ESFS128

II semana de Adviento – Domingo

El espíritu del Adviento 

El año decimoquinto del reinado del emperador Tiberio, cuando Poncio Pilato gobernaba la Judea, siendo Herodes tetrarca de Galilea, su hermano Felipe tetrarca de Iturea y Traconítide, y Lisanias tetrarca de Abilene, bajo el pontificado de Anás y Caifás, Dios dirigió su palabra a Juan, hijo de Zacarías, que estaba en el desierto. Este comenzó entonces a recorrer toda la región del río Jordán, anunciando un bautismo de conversión para el perdón de los pecados, como está escrito en el libro del profeta Isaías: «Una voz grita en desierto: Preparen el camino del Señor, allanen sus senderos. Los valles serán rellenados, las montañas y las colinas serán aplanadas. Serán enderezados los senderos sinuosos y nivelados los caminos desparejos. Entonces, todos los hombres verán la Salvación de Dios.» Lc 3,1-6

Estamos ya al inicio del Adviento, Juan el Bautista, que en la historia de la salvación es el último anunciador de la venida del Mesías, hoy nos revela que Él ya ha llegado a  nuestra puerta: debemos solamente dejarlo entrar. Jesucristo es el “esperado” desde siempre, preanunciado por los profetas del Antiguo Testamento. Lo que debemos hacer es prepararnos para recibirlo, ordenando mejor nuestra vida, como se hace en la casa cuando viene una persona ilustre: “Preparen el camino del Señor, enderecen sus senderos”.

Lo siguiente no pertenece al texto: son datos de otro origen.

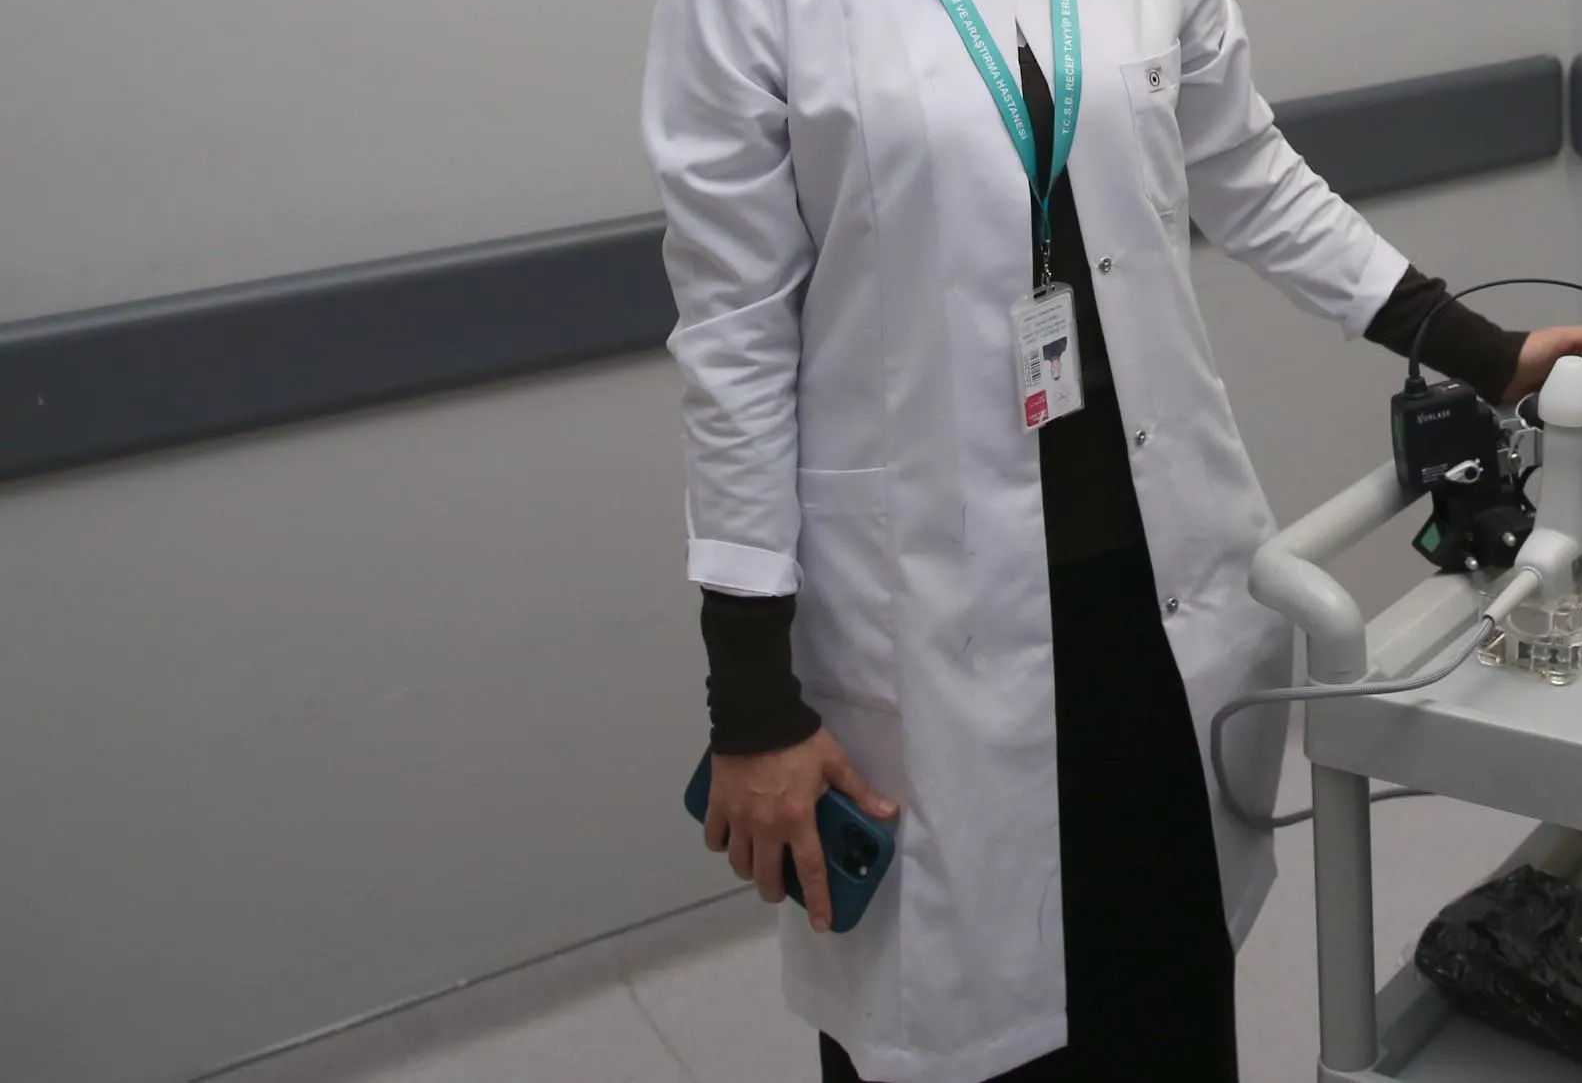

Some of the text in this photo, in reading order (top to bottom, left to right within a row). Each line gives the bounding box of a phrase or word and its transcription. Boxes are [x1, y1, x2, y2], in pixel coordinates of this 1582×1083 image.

Nuestro recivimiento toma, entonces, la forma concreta de esta preparación existencial, poniendo en su lugar todo lo que, en año litúrgico pasado, ha estado chueco, desviado, sucio e impresentable. Lo tenemos que hacer para recibir nuestra salvación, ya que el mensaje de la salvación es nuestro Salvador mismo. Él es el anuncio que Dios quiere salvarnos: con su venida se nos ofrece la misericordia para los pecadores, la esperanza se ofre a los desesperados, el sentido de la vida y de la historia se revela a los que dudan y se indica el camino justo para los que pierden el camino.

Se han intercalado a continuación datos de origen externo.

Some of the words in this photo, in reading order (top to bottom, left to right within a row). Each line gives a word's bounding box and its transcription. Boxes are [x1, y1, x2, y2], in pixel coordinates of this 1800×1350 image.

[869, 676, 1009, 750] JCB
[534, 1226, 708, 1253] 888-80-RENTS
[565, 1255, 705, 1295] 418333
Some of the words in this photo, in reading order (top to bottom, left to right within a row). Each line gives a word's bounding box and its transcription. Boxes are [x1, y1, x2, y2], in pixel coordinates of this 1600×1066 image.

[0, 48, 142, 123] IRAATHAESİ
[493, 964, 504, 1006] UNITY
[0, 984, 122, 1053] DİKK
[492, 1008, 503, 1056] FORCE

El texto de hoy de San Lucas tiene como fin predisponernos a recibir, como Mesías, a Jesús de Nazaret. , que en las próximas páginas será el protagonista absoluto del Evagelio.Emerge ya desde hoy la invitación a la secuela del Señor, como sucedió con los primeros disípulos. “Ya que ‘El está – nos anuncia Juan el Bautista – ya está en la puerta y preparándonos para recibirlo y al abrir la puerta se actualiza y toma forma nuestra salvación, como también por nuestra indiferencia se actualizaría nuestra condenación. Para prepararnos a recibir el largo mensaje de liberación que se desarrollará durante el año litúrgico. Debemos predisponer el corazón a la escucha, reproduciendo el mismo clima de gozosa espera y de amor de la esposa que espera a su amado en el Cantar de los cantares: “¡La voz de mi amado! Ahí viene, saltando por las montañas, brincando por las colinas.….  Ahí está: se detiene detrás de nuestro muro; mira por la ventana, espía por el enrejado” (Ct 2,8-9). Y el esposo que escucha feliz  detrás de la puerta, responde: “¡Levántate, amada mía, y ven, hermosa mía! Porque ya pasó el invierno, cesaron y se fueron las lluvias. Aparecieron las flores sobre la tierra, llegó el tiempo de las canciones” (Ct 2,10-12). Como cambiar la exhortación de cambiar de vida de este esposo es la respuesta a la titubeante espera de la esposa, así el Señor cambiará nuestra existencia en la medida en que nosotros la esperemos y la recibamos con alegría. Este sentimiento de espera me recuerda lo de Ana María cuando, hace muchos años, he entrado en su vida. Tenía la impresión de haber sido esperado desde que era niña.

Entinces con este espíritu de recibimiento del Señor para retomar fuerzas nuevas su secuela, hemos retomado el canto en nuestra oración de la mañana, que en los últimos tiempos, se ha apagado. ¡Danos, Señor, un canto nuevo!